CVS and the Nerd/Normals gap

This probably won’t work but…

CVS and the Nerd/Normals gap

Once in a while, someone asks me a technology-related question I’ve never considered before. In this case it was “Hey, can you figure out how to print a few iPhone photos from this trip for my Dad?”

We’re on a trip, but it’s not a vacation. My Father-in-law recently suffered a heart attack, head injury, and stroke, and as a result was currently in a coma. We wanted to bring family photos to have at his bedside when he woke up.

I knew how I’d answer this if I was at home. In my home office at my nerd castle, I could pick photos on a gloriously large monitor through Photo Streams of recent iPhone shots. I could do some color correction, light editing, then prepare them for printing on high-quality photo paper in a dedicated printer.

When asked the same question on a sidewalk a thousand miles from home, my only answer was “Maybe? Probably? Give me a minute. This should be possible.”

Nerds and Normals

Working in the technology industry for over 17 years now, I’m used to knowing that my immediate surroundings are not what regular people are used to. I had broadband at home 15 years ago, I had WiFi in 1999. When people ask me a question about how to accomplish something or how I managed to rig something up, I usually have to answer that it’s complicated, and replicating it could require a lot of work, expense, and patience (The Internet Of Things could currently be called The Internet Of Things That Mostly Work Sometimes). I wish it wasn’t like this, but when you play with bleeding edge stuff in the tech world, it starts as mostly user-unfriendly and somewhat-reliable before it goes mainstream.

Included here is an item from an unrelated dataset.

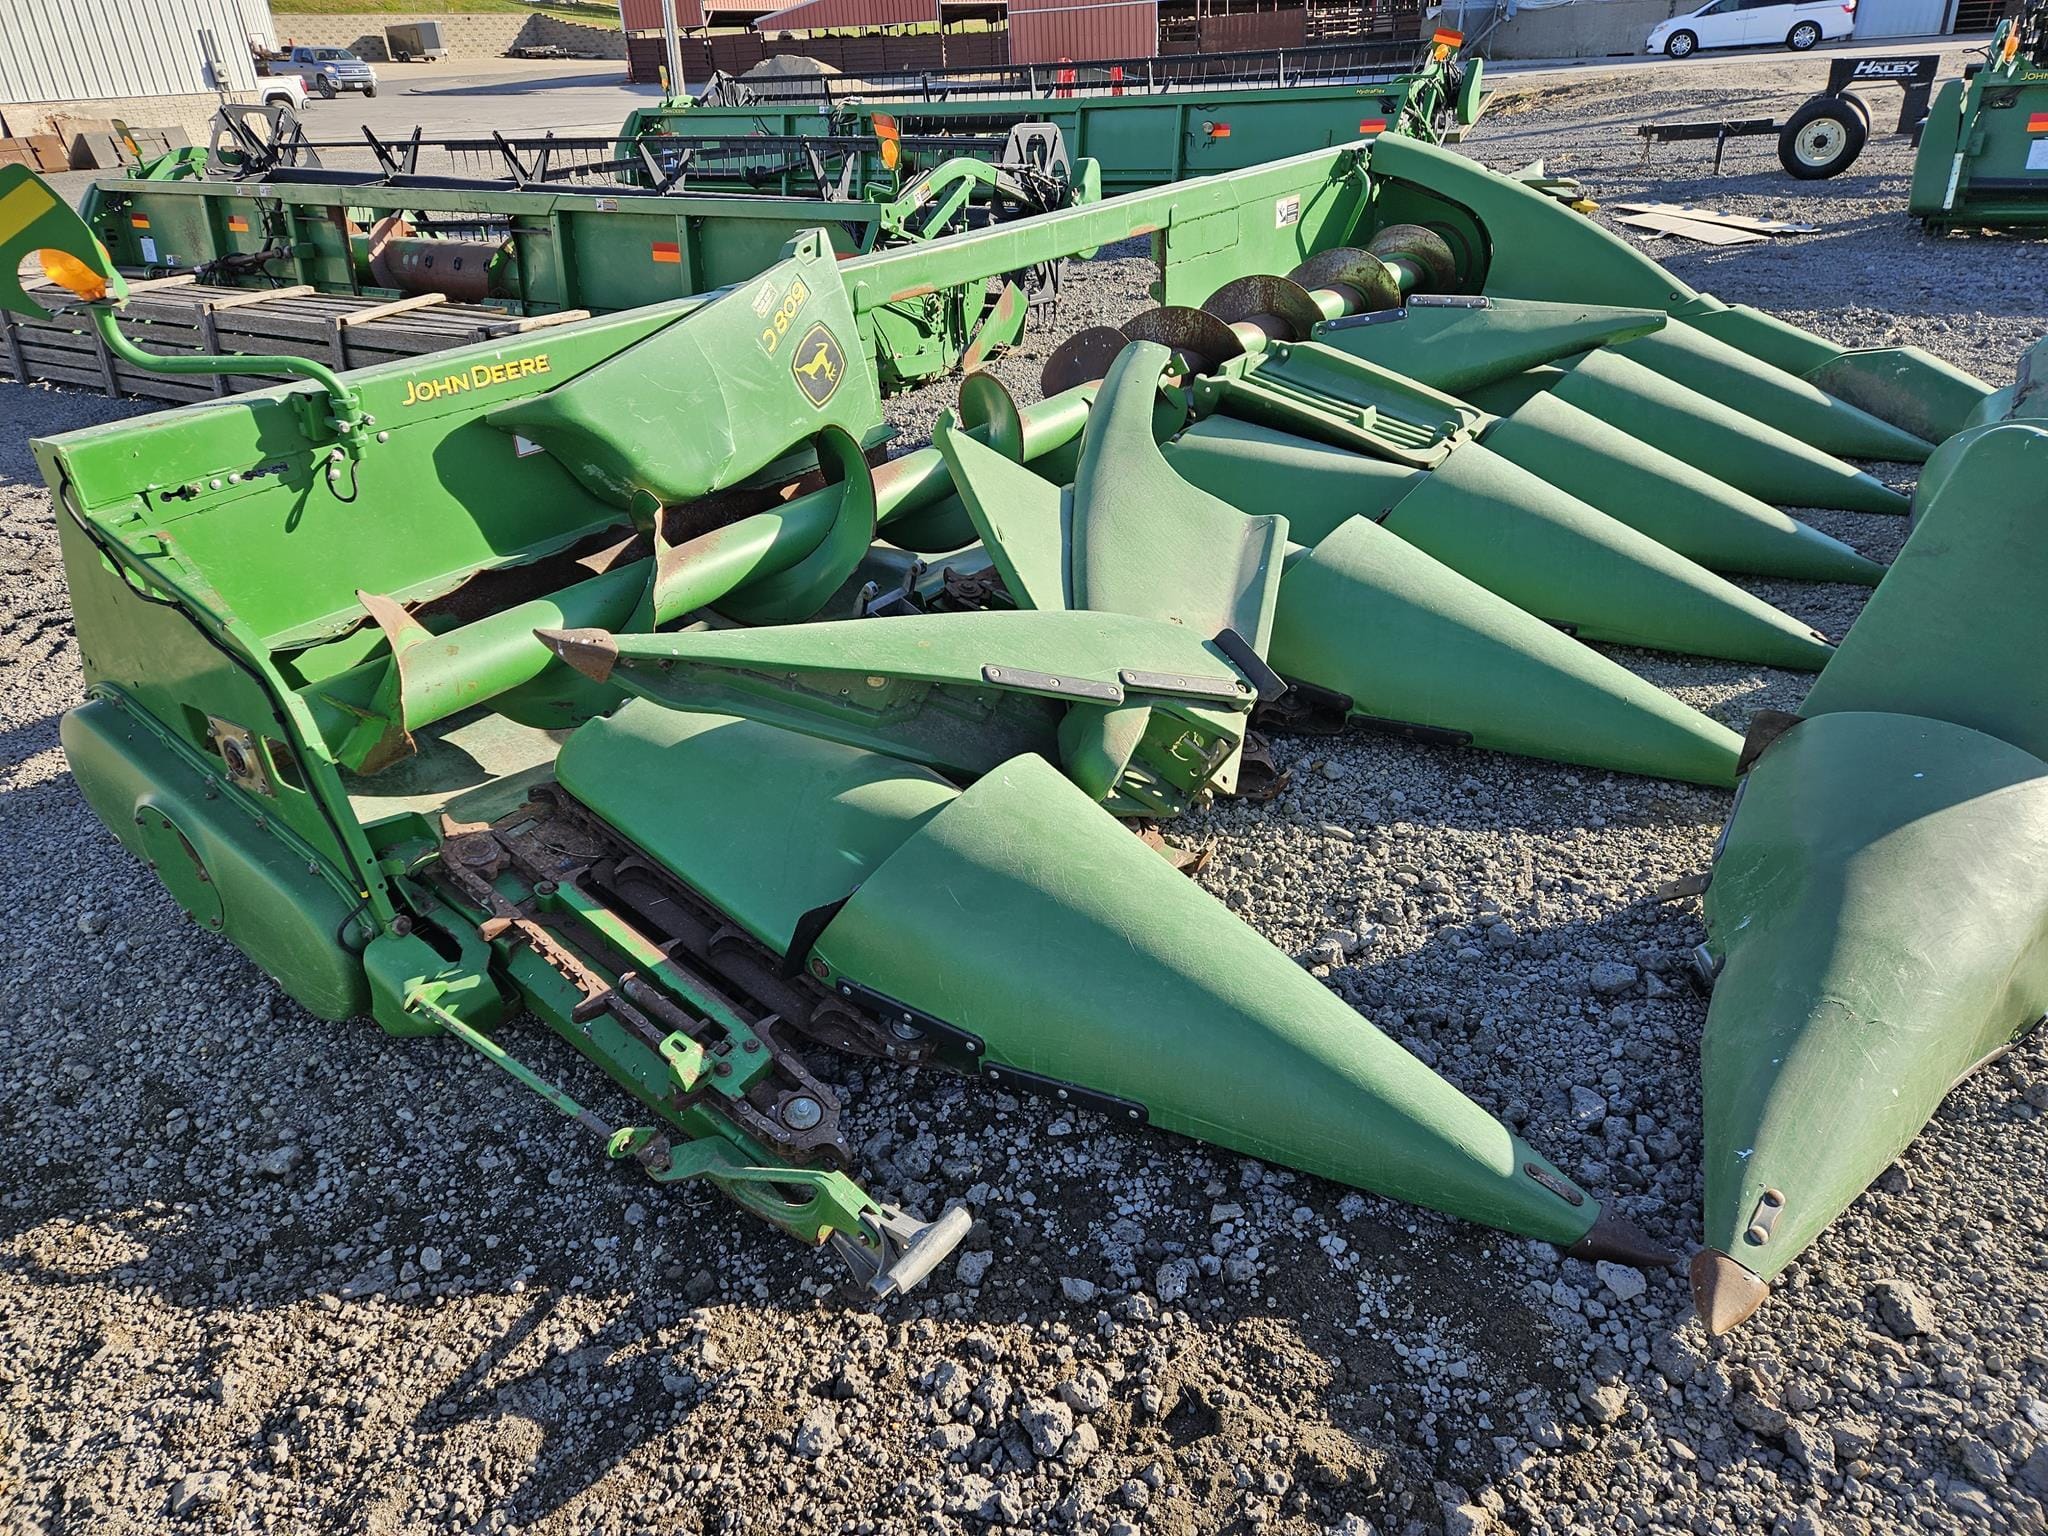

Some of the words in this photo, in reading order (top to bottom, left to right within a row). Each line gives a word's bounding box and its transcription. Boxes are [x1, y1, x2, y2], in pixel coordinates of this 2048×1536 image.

[1854, 61, 1919, 74] HALEY
[402, 373, 471, 406] JOHN
[471, 353, 551, 389] DEERE

On the plus side, since the early 2000s there’s been a closing of that gap. WiFi is easy and available to everyone. You can watch Netflix on multiple devices via multiple means in most homes. Phones are mini-computers with powerful features available to anyone that can afford one. Things are getting better, and I welcome this trend.

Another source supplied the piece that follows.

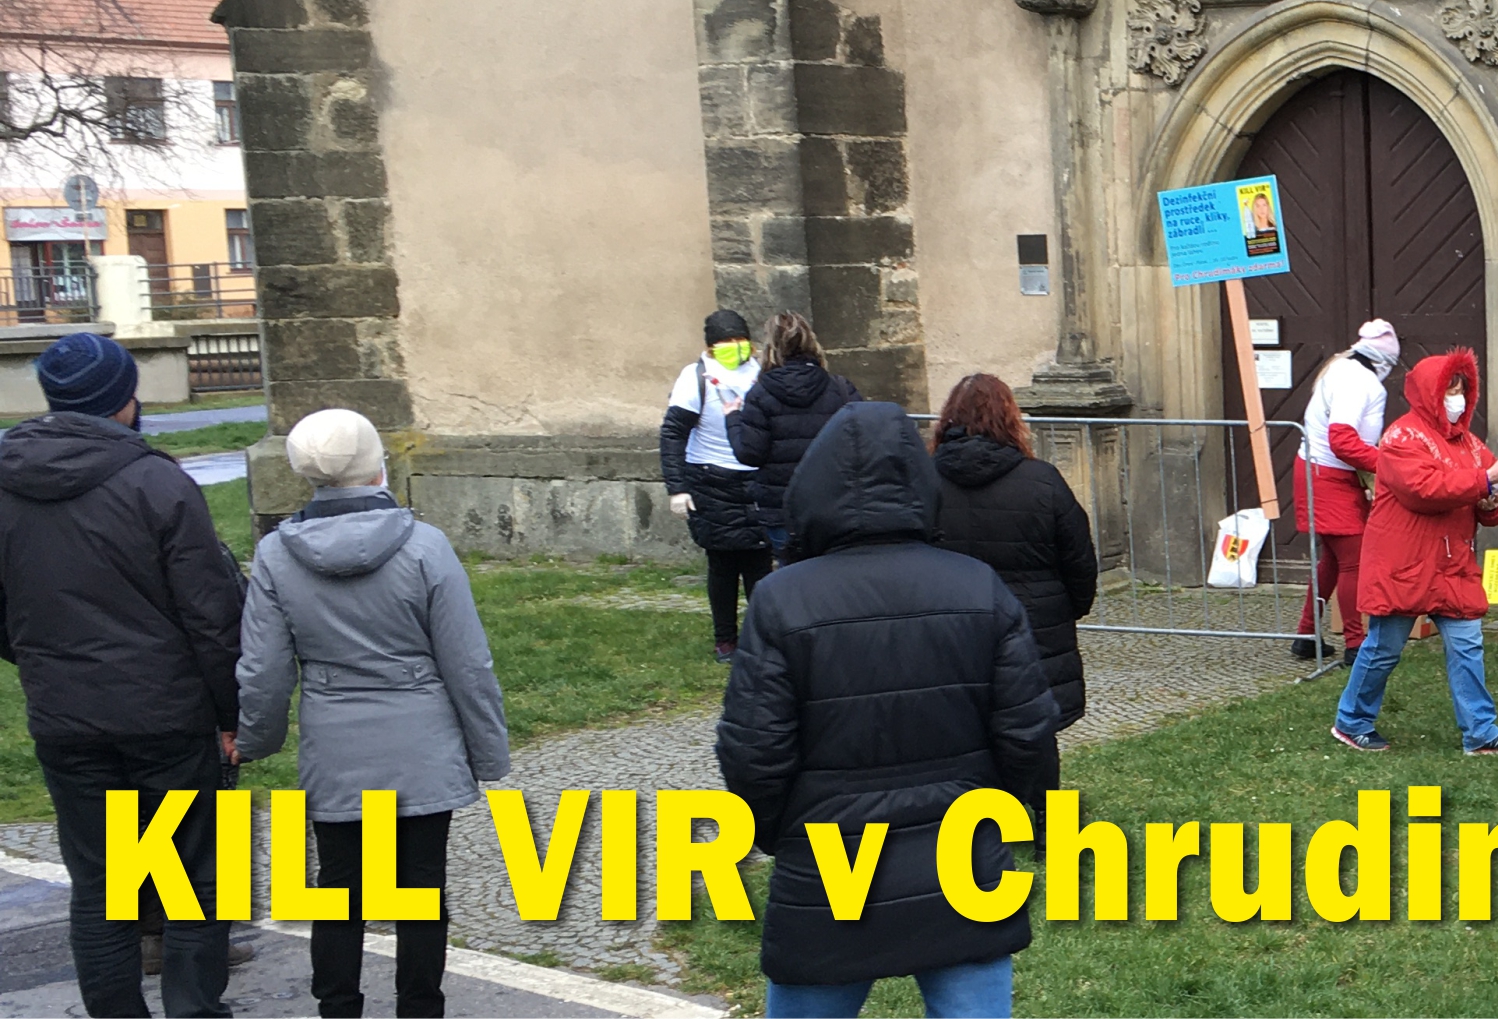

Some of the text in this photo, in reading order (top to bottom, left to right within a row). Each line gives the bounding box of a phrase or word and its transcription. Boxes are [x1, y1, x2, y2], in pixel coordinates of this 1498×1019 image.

The only problem is, when confronted with a challenge I have to ask myself not how I’d do it given my own toolset, but how we can accomplish something using mainstream, existing infrastructure.

A chain of Pharmacies Innovating? Who knew?

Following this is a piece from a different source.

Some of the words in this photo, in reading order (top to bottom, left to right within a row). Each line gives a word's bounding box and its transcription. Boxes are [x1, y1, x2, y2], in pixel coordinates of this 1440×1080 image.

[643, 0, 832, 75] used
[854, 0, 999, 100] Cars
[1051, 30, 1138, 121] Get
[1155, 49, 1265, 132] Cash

Back to the sidewalk question. I did what anyone else would do: a quick Google search for “iPhone photo prints local” and the first result was CVS, a nationwide chain of pharmacy stores in the US.

There are several pharmacy store chains in the US and they’re all in various states of decline. They used to be a place not only to pick up your medications, but you could get photos developed in less than a day, there were aisles of strange batteries for any sort of electronics, and some even featured ice cream counters and other sorts of snacks. These days, my local Rite-Aid chain location is a half-empty supermarket building nearly a block long with a For Lease sign out front.

My first Google result lead to a page on the CVS site saying I could download their app, send photos to be printed and pick them up with same day service by 3pm (which was about five hours in the future). Another tap and I installed and launched their app. It was insanely simple after that. A click on the Photo icon, then a click to select photos from my phone’s recent album to print. I picked four, modified the desired print size, and sent them off to the CVS location the app found for me, which was just a few blocks from our hotel. I didn’t even need to create an account with CVS, merely adding my name to the photos was enough and the entire process took about two minutes from my first Google search.

Here’s the incredible part: ten minutes after I uploaded the photos, they were printed and waiting for me down the street for about $6 (four 5x7 prints). The photos could use some color tweaking and they’re a little blurry from either the low resolution printer or small file uploading, but it doesn’t take away from how amazing the entire interaction was. A couple minutes on my phone, a few taps, and ten minutes later we had hard copy prints we picked up on the way to the hospital, some featuring shots I took less than an hour before with my phone.

Moving parts are just opportunities for failure

In this day and age, as economies move faster than the architecture that contains them, I’m impressed to see CVS offering a service that gives them a leg up in an declining market. CVS properly figured out I was on an iPhone and offered up their app, their app allows you to complete your task in the fewest steps, then automatically prints the results at a store where the staff’s only interaction with the order is to hand you photos while completing the sale. There were so many parts to this (sites, apps, the cloud, stores, printers, staff) that could have gone wrong, but they made a bunch of good choices that gave good enough results in a very short period of time.

Software and hardware rarely delight me anymore and my tolerance for failures is so high that it’s usually my default expectation. The fact that a mainstream pharmacy chain got their large website, custom iPhone app design team, national network of stores, and networked printers to all work together to accomplish something reliably in such a short period of time using just a single app totally astounds me.